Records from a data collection
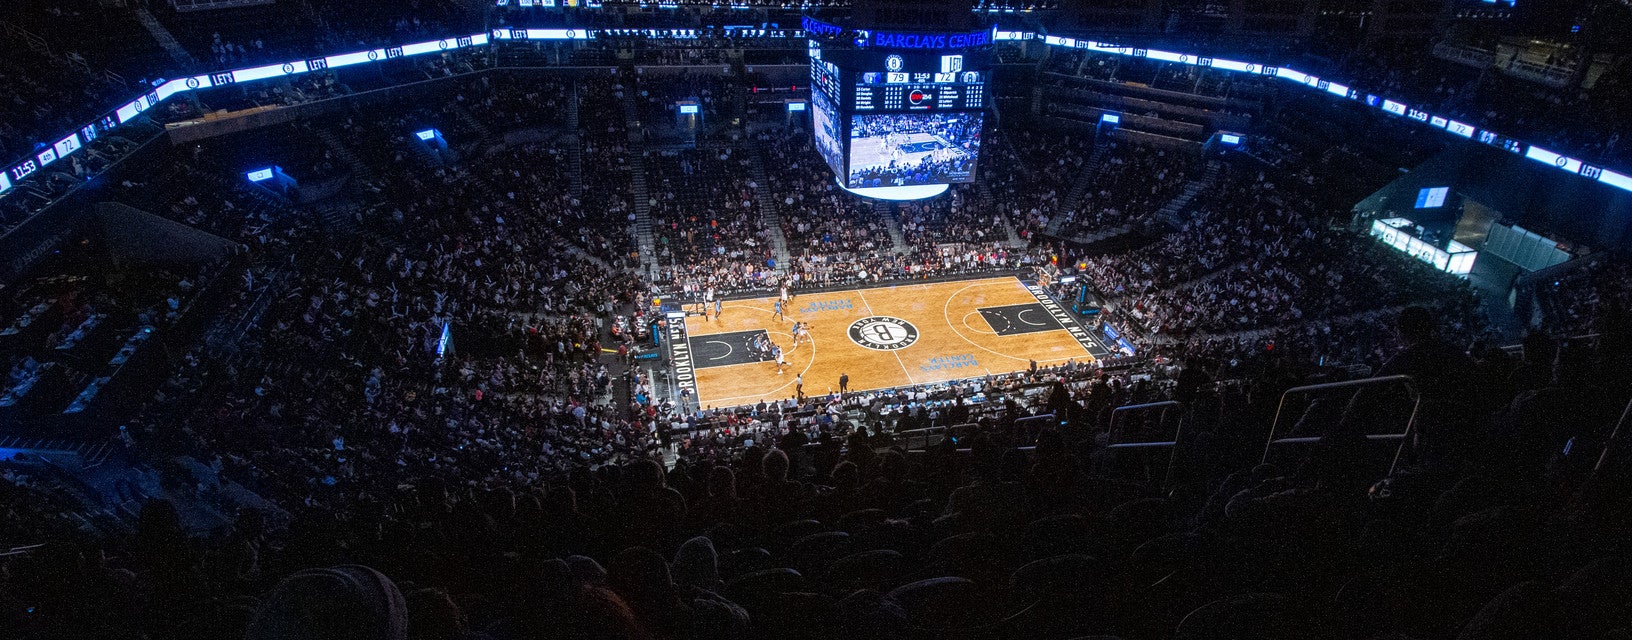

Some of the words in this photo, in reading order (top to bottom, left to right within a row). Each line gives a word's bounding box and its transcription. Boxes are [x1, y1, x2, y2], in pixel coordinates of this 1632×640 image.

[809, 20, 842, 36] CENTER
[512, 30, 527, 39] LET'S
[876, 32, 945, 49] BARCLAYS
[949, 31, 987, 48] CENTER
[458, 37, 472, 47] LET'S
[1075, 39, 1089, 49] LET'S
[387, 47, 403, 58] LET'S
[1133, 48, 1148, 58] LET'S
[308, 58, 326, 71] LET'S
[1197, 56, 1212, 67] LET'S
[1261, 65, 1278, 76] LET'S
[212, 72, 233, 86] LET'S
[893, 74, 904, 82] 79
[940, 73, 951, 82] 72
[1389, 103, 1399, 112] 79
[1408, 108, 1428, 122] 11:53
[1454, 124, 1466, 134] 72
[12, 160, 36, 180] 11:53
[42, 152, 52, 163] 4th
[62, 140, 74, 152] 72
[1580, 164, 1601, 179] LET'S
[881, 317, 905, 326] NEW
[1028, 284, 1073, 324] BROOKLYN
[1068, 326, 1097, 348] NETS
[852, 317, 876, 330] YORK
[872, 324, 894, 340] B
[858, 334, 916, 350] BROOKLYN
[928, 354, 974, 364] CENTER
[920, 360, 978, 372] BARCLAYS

● ABOUT THIS EXERCISE: A verbatim copy of the entries, stripped of pictures, should be produced.

● ANSWER AREA:
Some of the words in this photo, in reading order (top to bottom, left to right within a row). Each line gives a word's bounding box and its transcription. Boxes are [x1, y1, x2, y2], in pixel coordinates of this 1632×640 image.

[809, 20, 842, 36] CENTER
[512, 30, 527, 39] LET'S
[876, 32, 945, 49] BARCLAYS
[949, 31, 987, 48] CENTER
[458, 37, 472, 47] LET'S
[1075, 39, 1089, 49] LET'S
[387, 47, 403, 58] LET'S
[1133, 48, 1148, 58] LET'S
[308, 58, 326, 71] LET'S
[1197, 56, 1212, 67] LET'S
[1261, 65, 1278, 76] LET'S
[212, 72, 233, 86] LET'S
[893, 74, 904, 82] 79
[940, 73, 951, 82] 72
[1389, 103, 1399, 112] 79
[1408, 108, 1428, 122] 11:53
[1454, 124, 1466, 134] 72
[12, 160, 36, 180] 11:53
[42, 152, 52, 163] 4th
[62, 140, 74, 152] 72
[1580, 164, 1601, 179] LET'S
[881, 317, 905, 326] NEW
[1028, 284, 1073, 324] BROOKLYN
[1068, 326, 1097, 348] NETS
[852, 317, 876, 330] YORK
[872, 324, 894, 340] B
[858, 334, 916, 350] BROOKLYN
[928, 354, 974, 364] CENTER
[920, 360, 978, 372] BARCLAYS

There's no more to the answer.